═════ Task input ═════

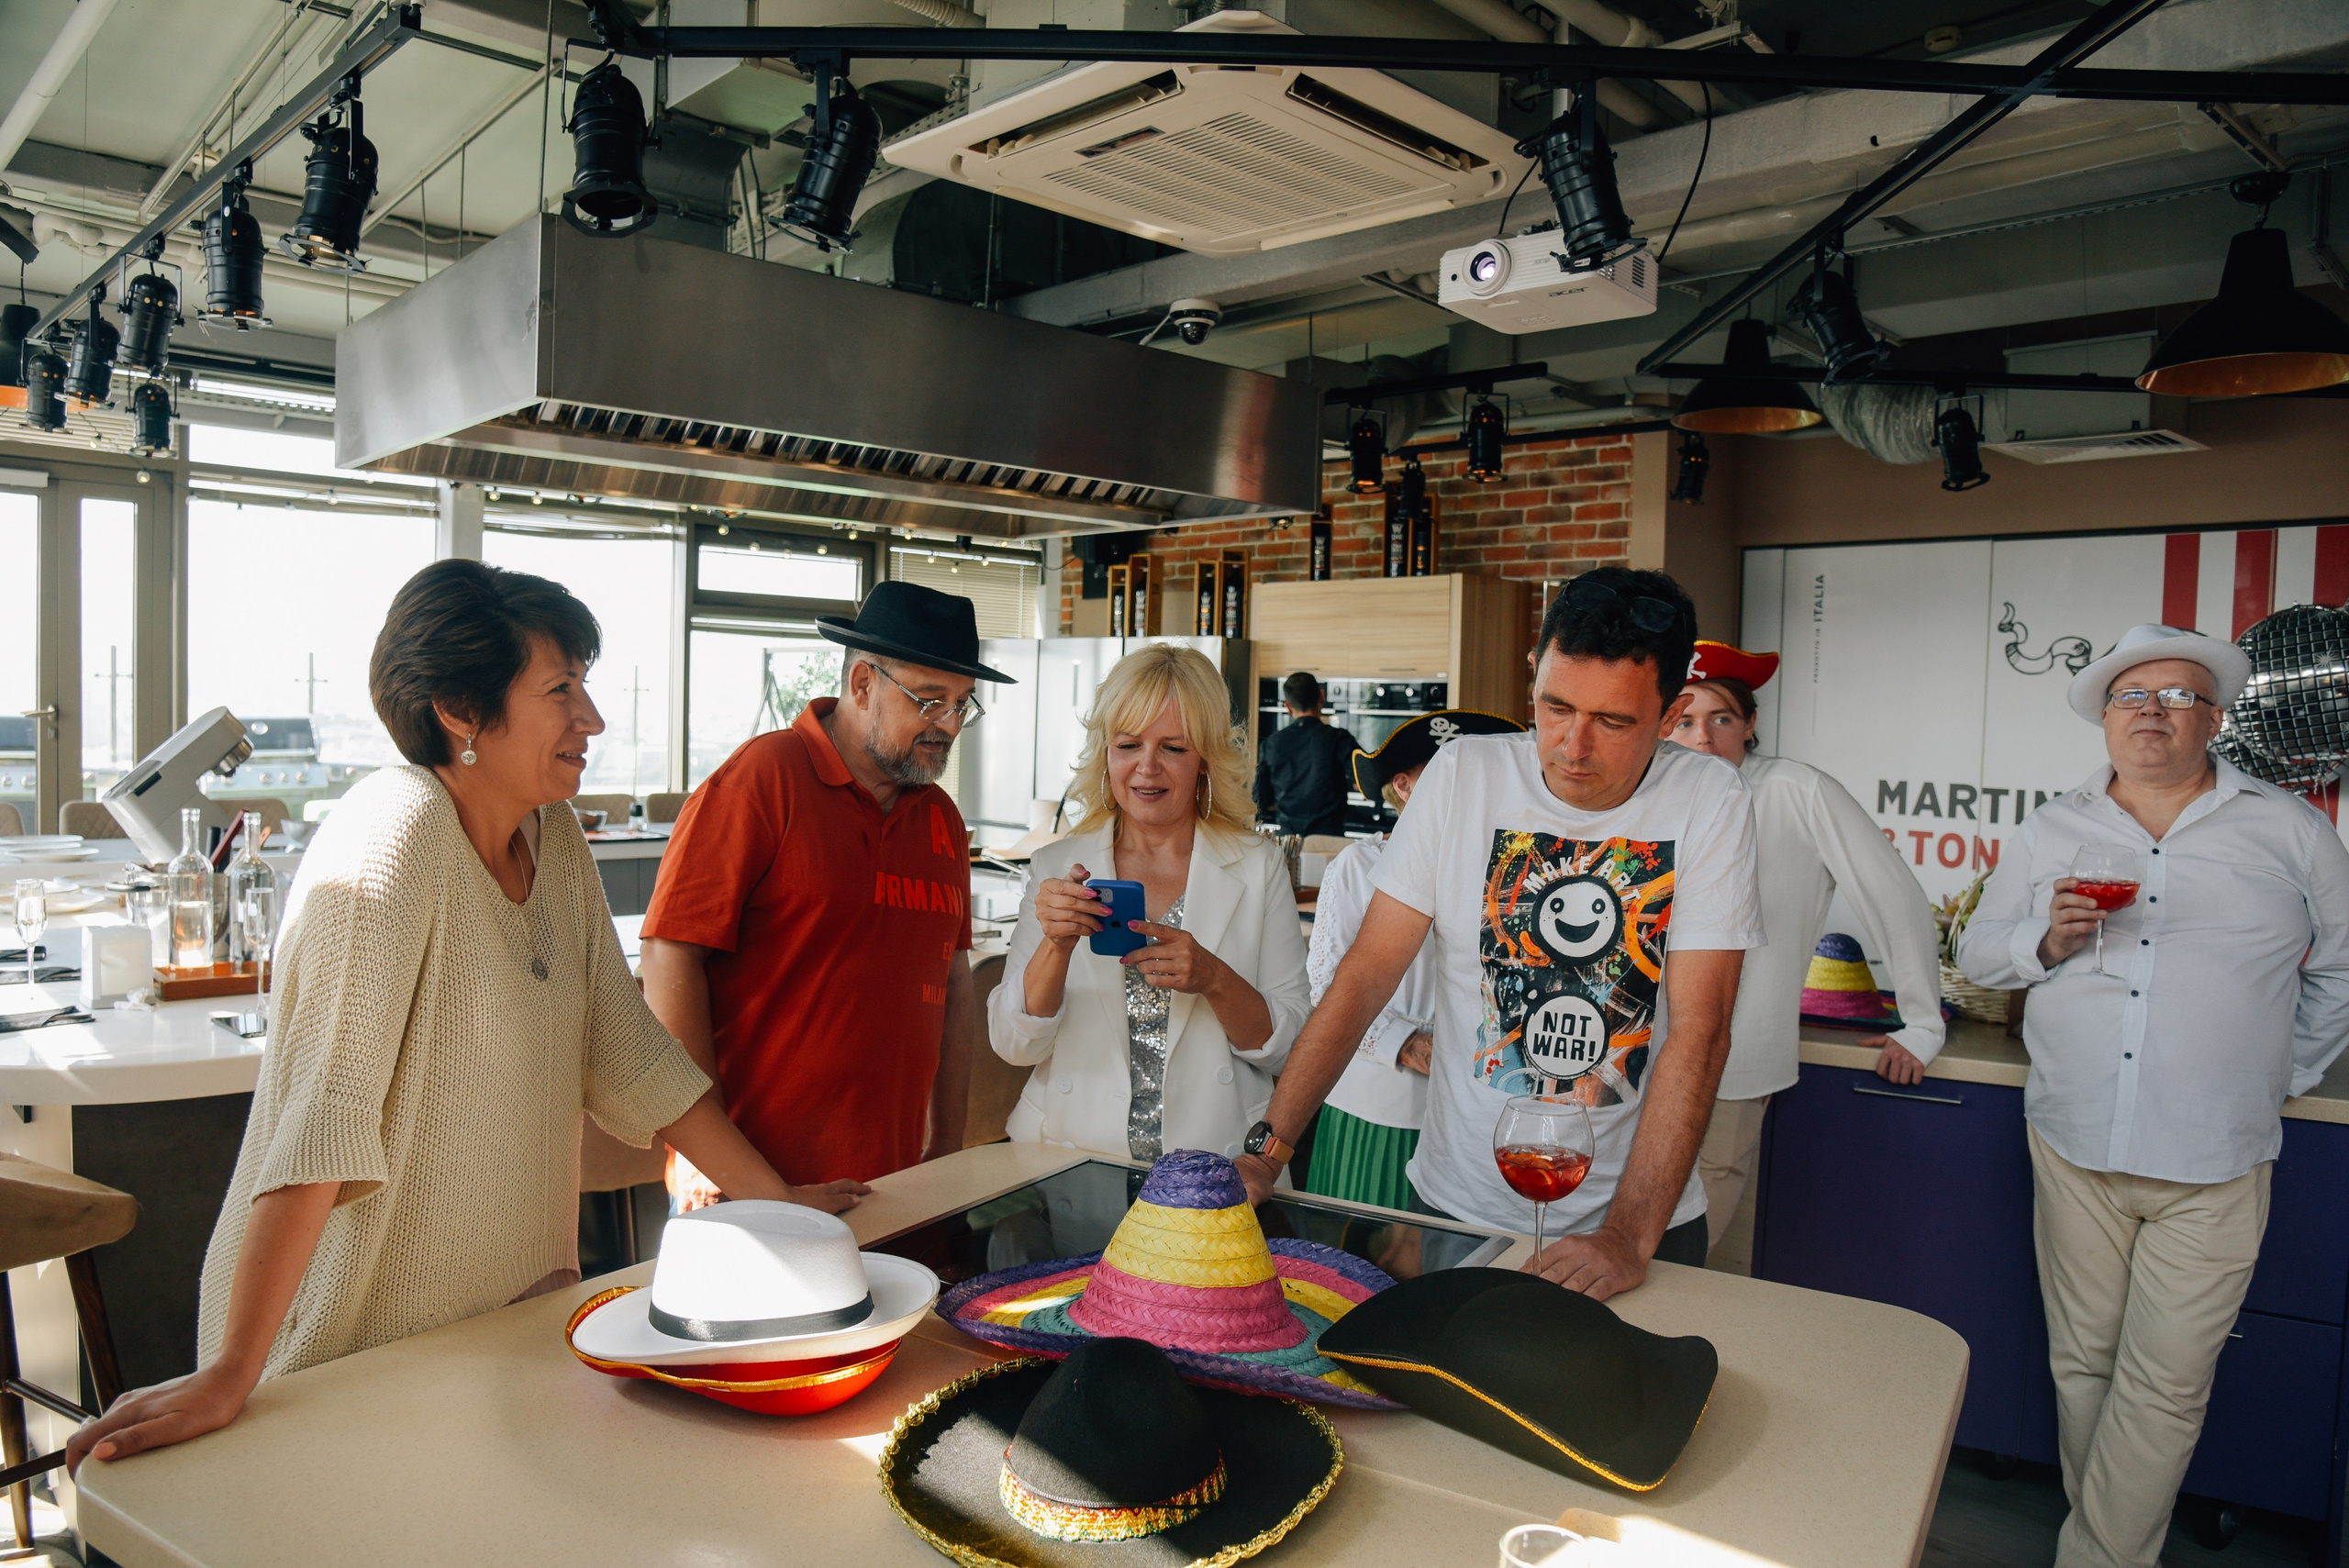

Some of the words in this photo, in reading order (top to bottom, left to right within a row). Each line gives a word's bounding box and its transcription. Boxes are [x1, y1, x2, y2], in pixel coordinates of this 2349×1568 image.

[1548, 286, 1588, 297] acer
[1813, 573, 1824, 622] ITALIA
[930, 803, 955, 859] A
[1522, 855, 1592, 895] MAKE
[1598, 858, 1642, 902] ART
[1542, 1010, 1592, 1037] NOT
[1532, 1032, 1597, 1062] WAR!

═════

Your goal:
What is needed is an exact repeat of every entry above, with the pictures left out.

Expected answer:
Some of the words in this photo, in reading order (top to bottom, left to right within a row). Each line gives a word's bounding box and its transcription. Boxes are [x1, y1, x2, y2], in pixel coordinates of this 2349×1568 image.

[1548, 286, 1588, 297] acer
[1813, 573, 1824, 622] ITALIA
[930, 803, 955, 859] A
[1522, 855, 1592, 895] MAKE
[1598, 858, 1642, 902] ART
[1542, 1010, 1592, 1037] NOT
[1532, 1032, 1597, 1062] WAR!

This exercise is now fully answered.